The listing below should be printed again word for word, without any images.
[Start of section]
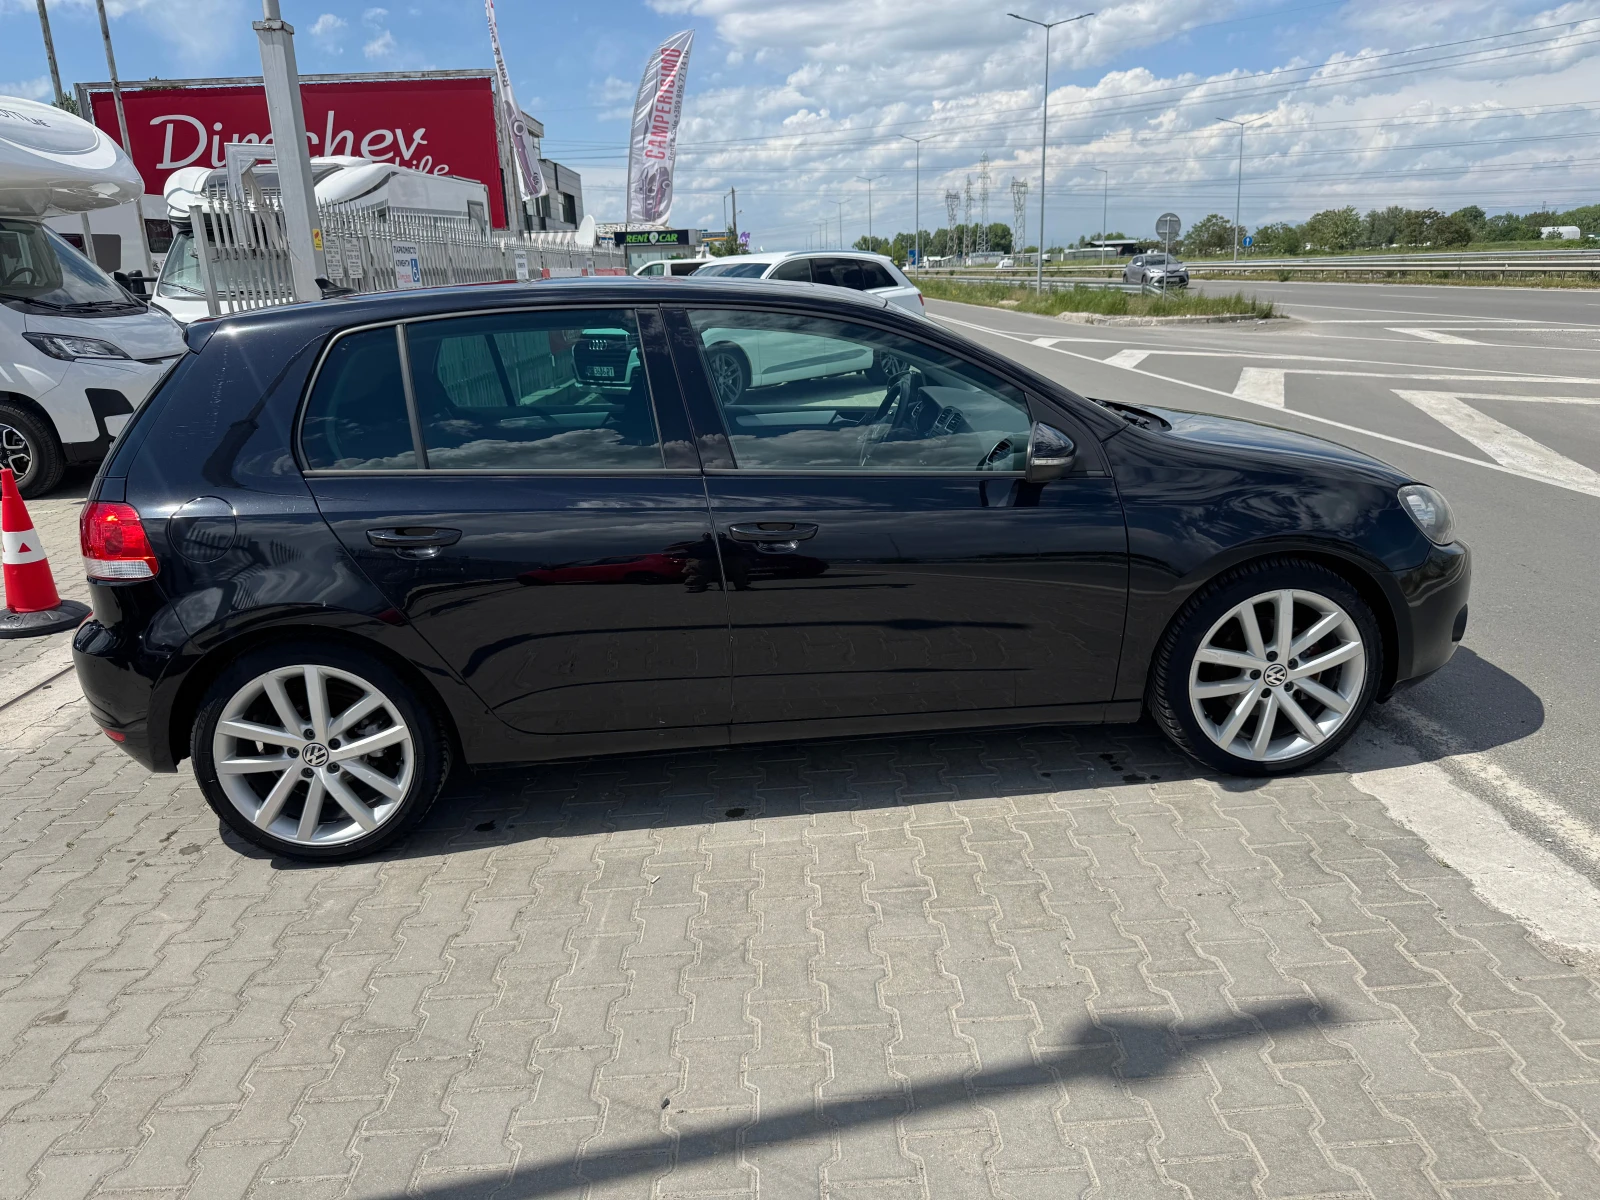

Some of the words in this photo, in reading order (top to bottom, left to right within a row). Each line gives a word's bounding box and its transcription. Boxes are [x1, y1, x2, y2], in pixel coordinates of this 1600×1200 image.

[497, 58, 509, 88] Rent
[645, 48, 682, 160] CAMPERISIMO
[150, 110, 427, 170] Dihev
[668, 143, 676, 161] Rent
[659, 233, 678, 242] CAR
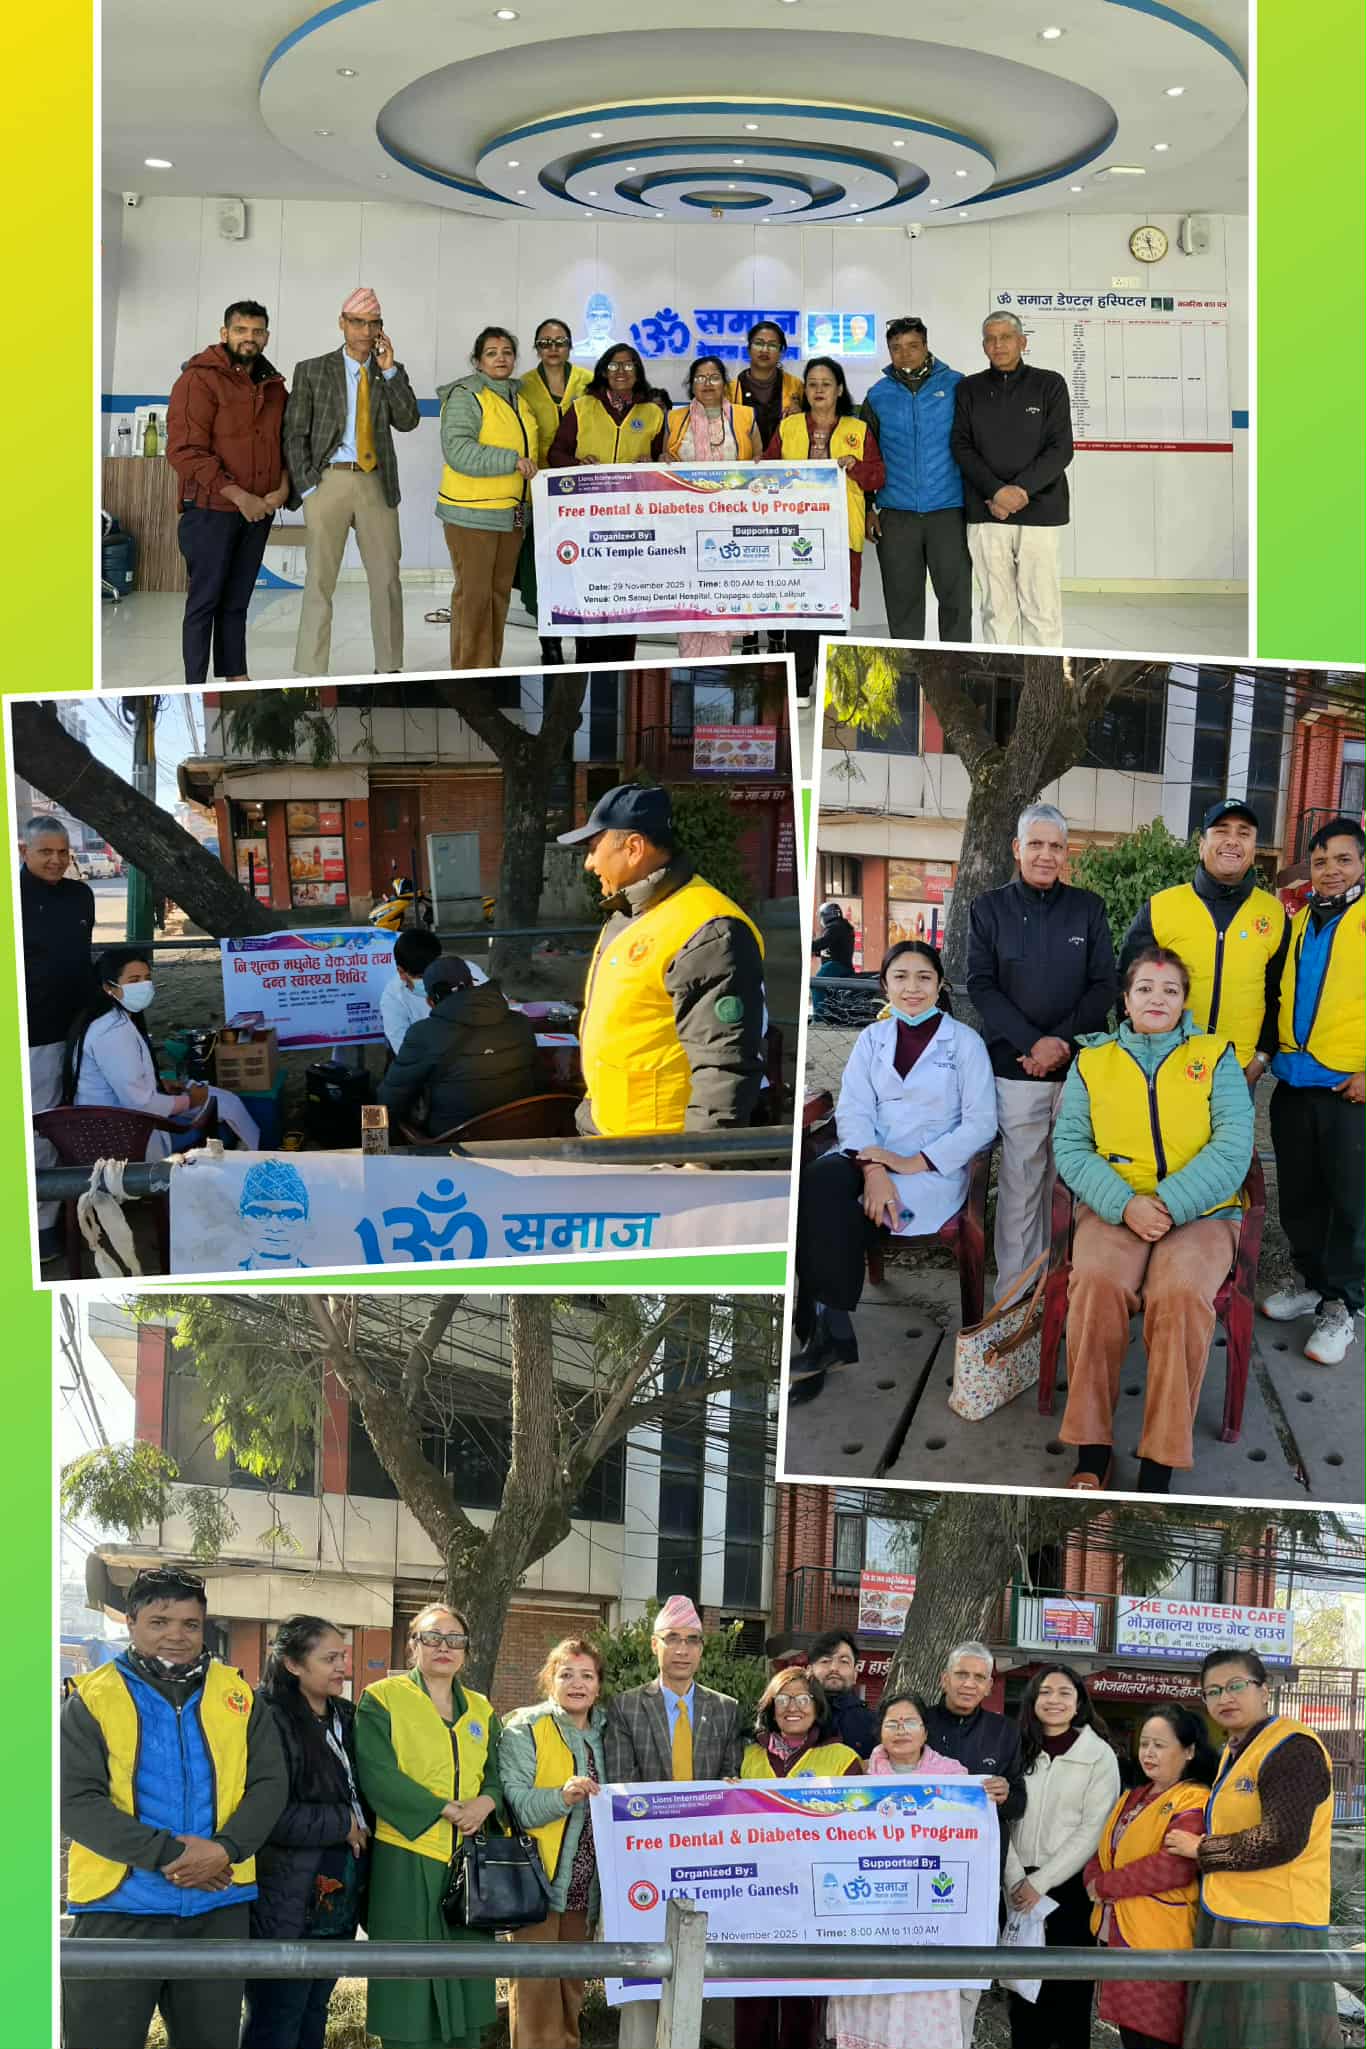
[End of section]
# EXERCISE RESPONSE
Some of the words in this photo, in reading order (top to bottom, left to right within a row). Each line gives a word's bounding box and its transcription. Boxes are [x1, y1, x2, y2], in pixel coordinates of this 1600×1200 image.

[497, 58, 509, 88] Rent
[645, 48, 682, 160] CAMPERISIMO
[150, 110, 427, 170] Dihev
[668, 143, 676, 161] Rent
[659, 233, 678, 242] CAR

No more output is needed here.